Abstract
We report a 13-year-old girl diagnosed with neuromyelitis optica (NMO). We also report that plasma exchange could be performed early in her clinical course as well as her good response to this treatment.
At the onset, transient numbness of both upper extremities appeared. Approximately one month thereafter, photesthesia of the left eye disappeared and she visited our hospital. Optic neuritis and myelitis were diagnosed based on neuroimaging of the brain and spinal MRI scans. Intravenous high-dose methylprednisolone was administered. Subsequently, although left vision improved to 0.4, numbness of the hands and feet appeared during methylprednisolone therapy. Since anti-AQP-4 antibody seropositivity was confirmed after methylprednisolone therapy, she met the NMO diagnostic criteria. Therefore, plasma exchange was performed followed by high dose methylprednisolone therapy, which improved left vision to 0.8 and the sensory disturbance of the hands and feet disappeared.
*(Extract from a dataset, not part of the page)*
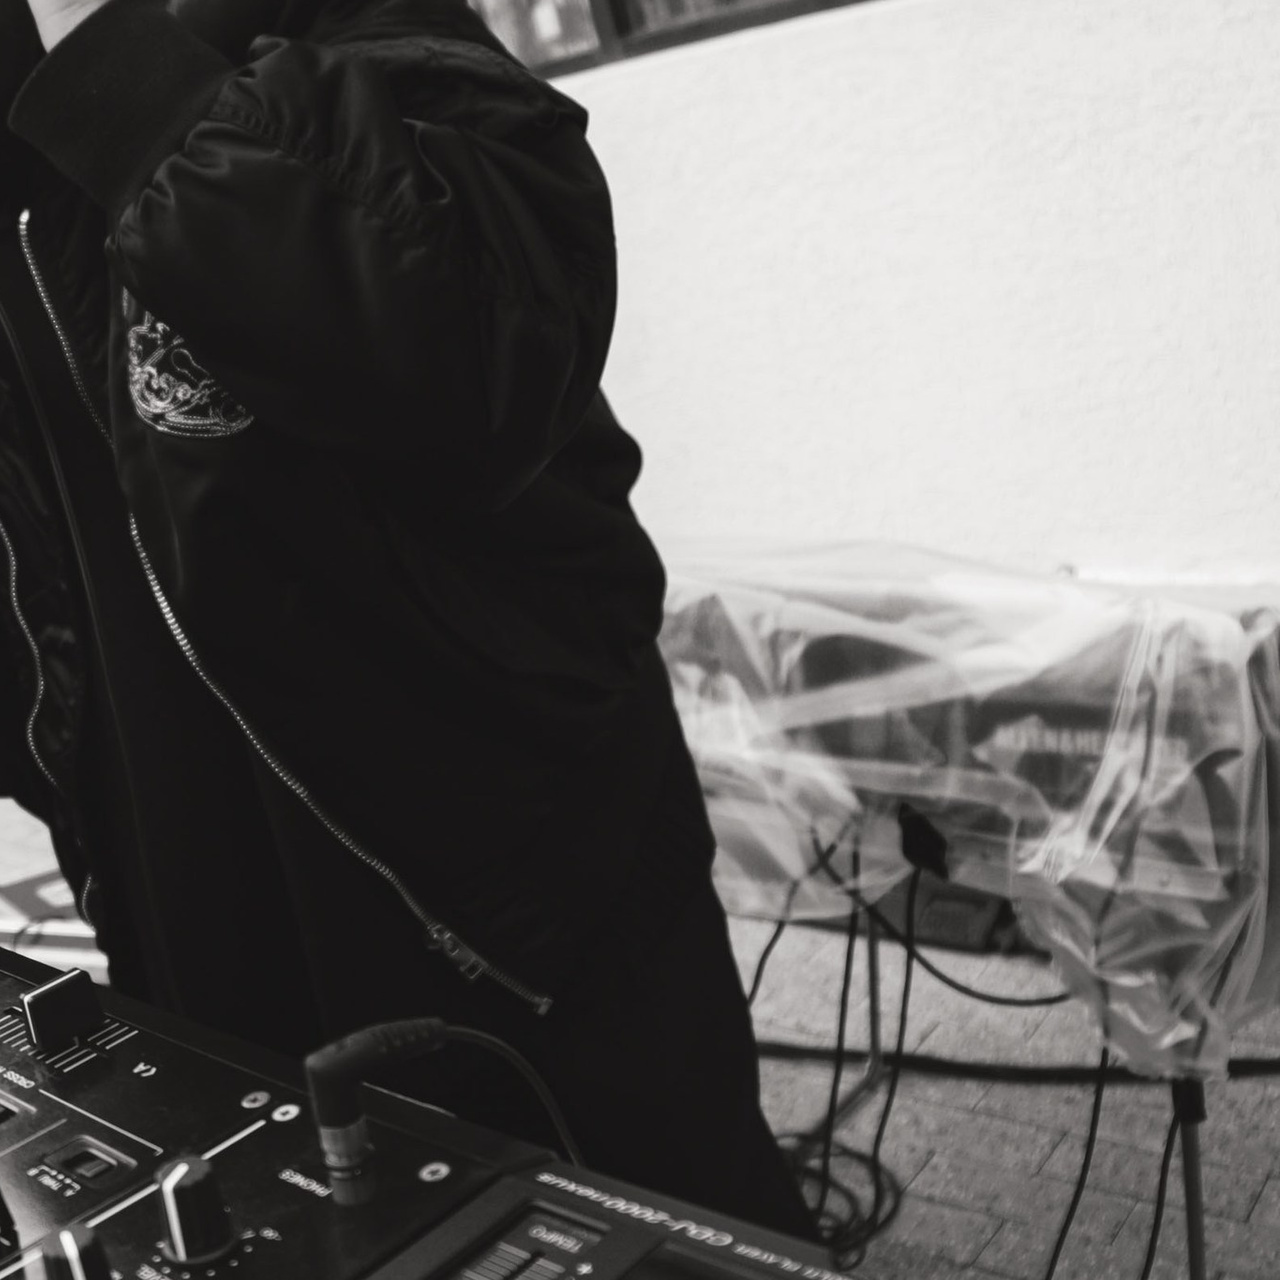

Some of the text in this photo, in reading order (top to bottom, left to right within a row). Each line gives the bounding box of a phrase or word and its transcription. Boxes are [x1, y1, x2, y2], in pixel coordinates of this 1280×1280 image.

[2, 1067, 36, 1089] CROSS
[278, 1168, 333, 1198] PHONES
[528, 1224, 582, 1254] TEMPO
A 0.5 mg/kg/day dose of prednisolone was then administered prophylactically, followed by plasma exchange, and there has been no relapse to date.
In general, the rate of NMO recurrence is high and the neurological prognosis is poor. Therefore, it is important to measure serum anti-AQP4 antibody during the first attack, if NMO is suspected, because this value is useful for the diagnosis of NMO. Appropriate treatments including plasma exchange and prophylactic therapy should be started after confirming the diagnosis.